# Exercise goal:
Print every entry below exactly, leaving out the pictures.

═════ Extracted information

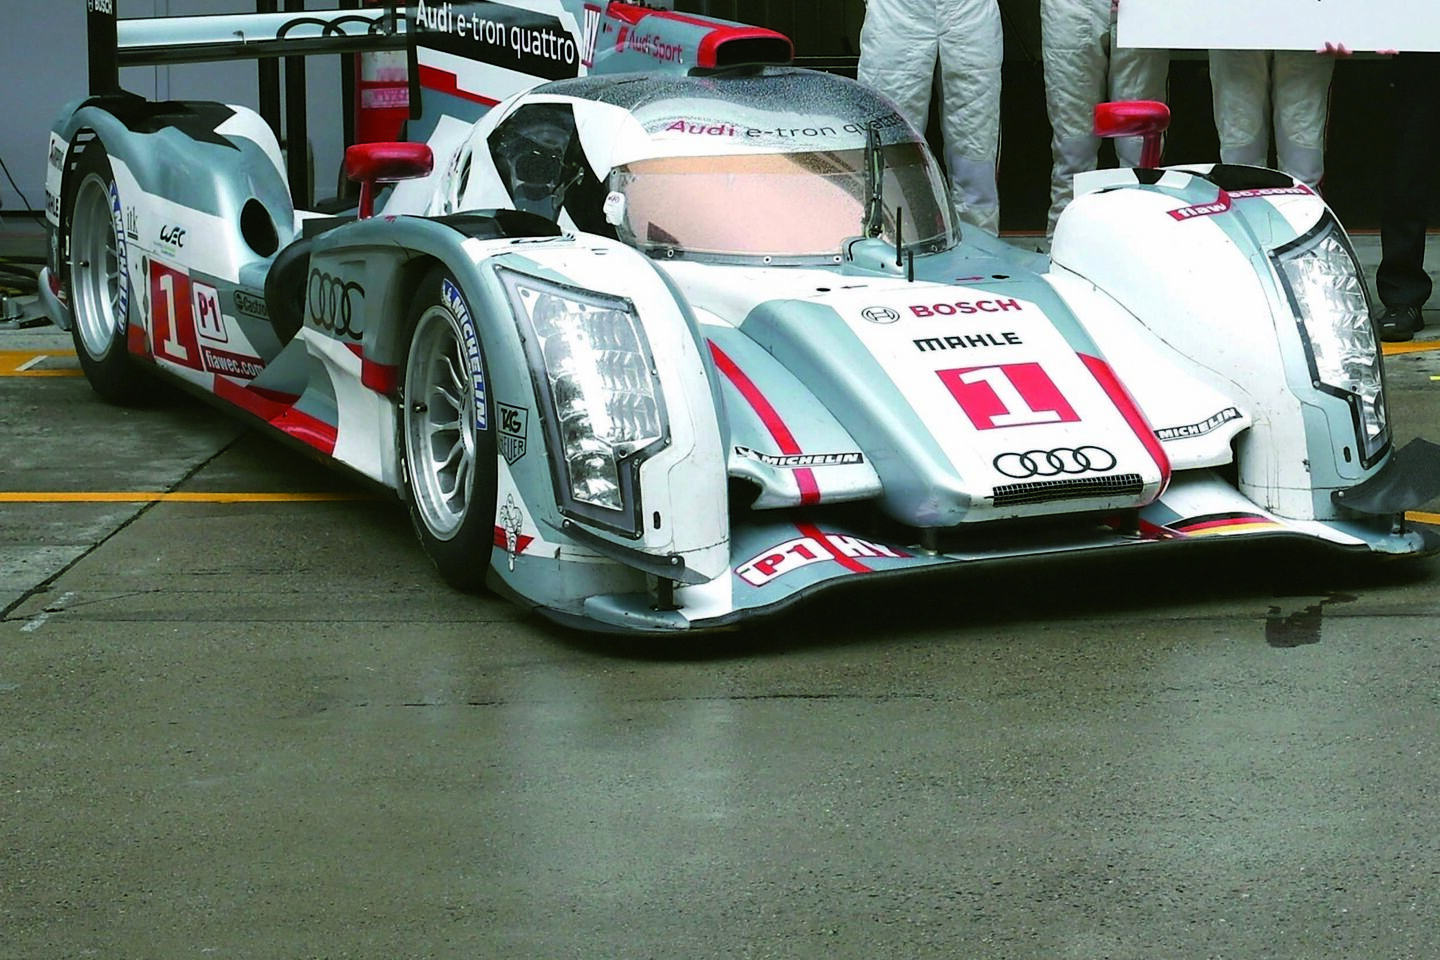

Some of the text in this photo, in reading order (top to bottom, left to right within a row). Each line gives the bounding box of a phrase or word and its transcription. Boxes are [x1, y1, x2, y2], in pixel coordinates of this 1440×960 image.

[457, 11, 506, 46] e-tron
[510, 26, 575, 65] quattro
[628, 30, 683, 64] Audi Sport
[665, 120, 736, 137] Audi
[745, 122, 836, 138] e-tron
[115, 208, 129, 334] MICHELIN
[159, 273, 188, 361] 1
[197, 290, 221, 332] P1
[243, 296, 268, 317] Castro
[909, 299, 1022, 317] BOSCH
[913, 332, 1023, 352] MAHLE
[206, 350, 265, 376] fiawec.com
[452, 296, 487, 429] MICHELIN
[958, 365, 1062, 427] 1
[500, 407, 521, 433] TAG
[1158, 408, 1236, 439] MICHELIN
[761, 453, 860, 466] MICHELIN
[753, 544, 817, 576] P1

══════════

# Task response:
Some of the text in this photo, in reading order (top to bottom, left to right within a row). Each line gives the bounding box of a phrase or word and its transcription. Boxes are [x1, y1, x2, y2], in pixel coordinates of this 1440×960 image.

[457, 11, 506, 46] e-tron
[510, 26, 575, 65] quattro
[628, 30, 683, 64] Audi Sport
[665, 120, 736, 137] Audi
[745, 122, 836, 138] e-tron
[115, 208, 129, 334] MICHELIN
[159, 273, 188, 361] 1
[197, 290, 221, 332] P1
[243, 296, 268, 317] Castro
[909, 299, 1022, 317] BOSCH
[913, 332, 1023, 352] MAHLE
[206, 350, 265, 376] fiawec.com
[452, 296, 487, 429] MICHELIN
[958, 365, 1062, 427] 1
[500, 407, 521, 433] TAG
[1158, 408, 1236, 439] MICHELIN
[761, 453, 860, 466] MICHELIN
[753, 544, 817, 576] P1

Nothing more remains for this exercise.